TASK DETAILS: Retype the entries. Match them exactly.

INPUT FOR THIS TASK:

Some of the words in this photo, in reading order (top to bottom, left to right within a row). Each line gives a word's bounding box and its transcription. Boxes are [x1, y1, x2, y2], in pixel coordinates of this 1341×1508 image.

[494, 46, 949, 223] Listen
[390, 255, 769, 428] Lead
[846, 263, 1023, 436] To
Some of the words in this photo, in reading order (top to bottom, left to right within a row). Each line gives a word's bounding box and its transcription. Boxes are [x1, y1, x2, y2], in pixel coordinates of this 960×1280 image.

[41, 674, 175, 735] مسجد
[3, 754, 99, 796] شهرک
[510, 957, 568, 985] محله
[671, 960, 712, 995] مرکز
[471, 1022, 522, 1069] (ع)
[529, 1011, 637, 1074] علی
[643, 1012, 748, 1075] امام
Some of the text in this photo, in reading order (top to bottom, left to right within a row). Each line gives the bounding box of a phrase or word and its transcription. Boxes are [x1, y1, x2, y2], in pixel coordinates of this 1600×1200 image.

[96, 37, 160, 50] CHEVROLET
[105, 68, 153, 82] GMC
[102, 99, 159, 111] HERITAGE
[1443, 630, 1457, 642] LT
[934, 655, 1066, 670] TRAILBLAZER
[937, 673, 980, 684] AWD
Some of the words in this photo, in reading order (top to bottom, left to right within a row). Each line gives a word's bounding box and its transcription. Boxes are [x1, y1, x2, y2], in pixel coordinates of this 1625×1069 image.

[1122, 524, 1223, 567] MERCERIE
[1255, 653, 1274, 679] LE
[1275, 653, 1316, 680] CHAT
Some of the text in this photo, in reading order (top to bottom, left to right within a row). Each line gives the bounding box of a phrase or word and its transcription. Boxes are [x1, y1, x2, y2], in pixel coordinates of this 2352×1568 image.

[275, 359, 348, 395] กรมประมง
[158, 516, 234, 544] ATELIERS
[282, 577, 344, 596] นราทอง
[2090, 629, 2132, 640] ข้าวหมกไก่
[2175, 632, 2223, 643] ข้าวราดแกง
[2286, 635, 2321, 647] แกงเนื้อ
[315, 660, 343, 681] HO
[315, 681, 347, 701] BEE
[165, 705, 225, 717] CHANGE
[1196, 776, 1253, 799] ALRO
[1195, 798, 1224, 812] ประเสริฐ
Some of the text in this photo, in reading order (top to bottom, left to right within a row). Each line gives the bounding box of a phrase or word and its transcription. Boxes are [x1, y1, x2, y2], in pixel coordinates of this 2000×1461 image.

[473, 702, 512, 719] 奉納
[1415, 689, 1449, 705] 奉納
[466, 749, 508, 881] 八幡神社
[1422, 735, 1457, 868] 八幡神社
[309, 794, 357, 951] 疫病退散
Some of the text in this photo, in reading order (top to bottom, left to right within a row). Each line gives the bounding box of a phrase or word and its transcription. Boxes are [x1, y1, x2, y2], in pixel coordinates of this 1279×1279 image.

REPLY TO THE EXERCISE:
Some of the words in this photo, in reading order (top to bottom, left to right within a row). Each line gives a word's bounding box and its transcription. Boxes are [x1, y1, x2, y2], in pixel coordinates of this 1341×1508 image.

[494, 46, 949, 223] Listen
[390, 255, 769, 428] Lead
[846, 263, 1023, 436] To
Some of the words in this photo, in reading order (top to bottom, left to right within a row). Each line gives a word's bounding box and its transcription. Boxes are [x1, y1, x2, y2], in pixel coordinates of this 960×1280 image.

[41, 674, 175, 735] مسجد
[3, 754, 99, 796] شهرک
[510, 957, 568, 985] محله
[671, 960, 712, 995] مرکز
[471, 1022, 522, 1069] (ع)
[529, 1011, 637, 1074] علی
[643, 1012, 748, 1075] امام
Some of the text in this photo, in reading order (top to bottom, left to right within a row). Each line gives the bounding box of a phrase or word and its transcription. Boxes are [x1, y1, x2, y2], in pixel coordinates of this 1600×1200 image.

[96, 37, 160, 50] CHEVROLET
[105, 68, 153, 82] GMC
[102, 99, 159, 111] HERITAGE
[1443, 630, 1457, 642] LT
[934, 655, 1066, 670] TRAILBLAZER
[937, 673, 980, 684] AWD
Some of the words in this photo, in reading order (top to bottom, left to right within a row). Each line gives a word's bounding box and its transcription. Boxes are [x1, y1, x2, y2], in pixel coordinates of this 1625×1069 image.

[1122, 524, 1223, 567] MERCERIE
[1255, 653, 1274, 679] LE
[1275, 653, 1316, 680] CHAT
Some of the text in this photo, in reading order (top to bottom, left to right within a row). Each line gives the bounding box of a phrase or word and its transcription. Boxes are [x1, y1, x2, y2], in pixel coordinates of this 2352×1568 image.

[275, 359, 348, 395] กรมประมง
[158, 516, 234, 544] ATELIERS
[282, 577, 344, 596] นราทอง
[2090, 629, 2132, 640] ข้าวหมกไก่
[2175, 632, 2223, 643] ข้าวราดแกง
[2286, 635, 2321, 647] แกงเนื้อ
[315, 660, 343, 681] HO
[315, 681, 347, 701] BEE
[165, 705, 225, 717] CHANGE
[1196, 776, 1253, 799] ALRO
[1195, 798, 1224, 812] ประเสริฐ
Some of the text in this photo, in reading order (top to bottom, left to right within a row). Each line gives the bounding box of a phrase or word and its transcription. Boxes are [x1, y1, x2, y2], in pixel coordinates of this 2000×1461 image.

[473, 702, 512, 719] 奉納
[1415, 689, 1449, 705] 奉納
[466, 749, 508, 881] 八幡神社
[1422, 735, 1457, 868] 八幡神社
[309, 794, 357, 951] 疫病退散
Some of the text in this photo, in reading order (top to bottom, left to right within a row). Each line gives the bounding box of a phrase or word and its transcription. Boxes are [x1, y1, x2, y2], in pixel coordinates of this 1279×1279 image.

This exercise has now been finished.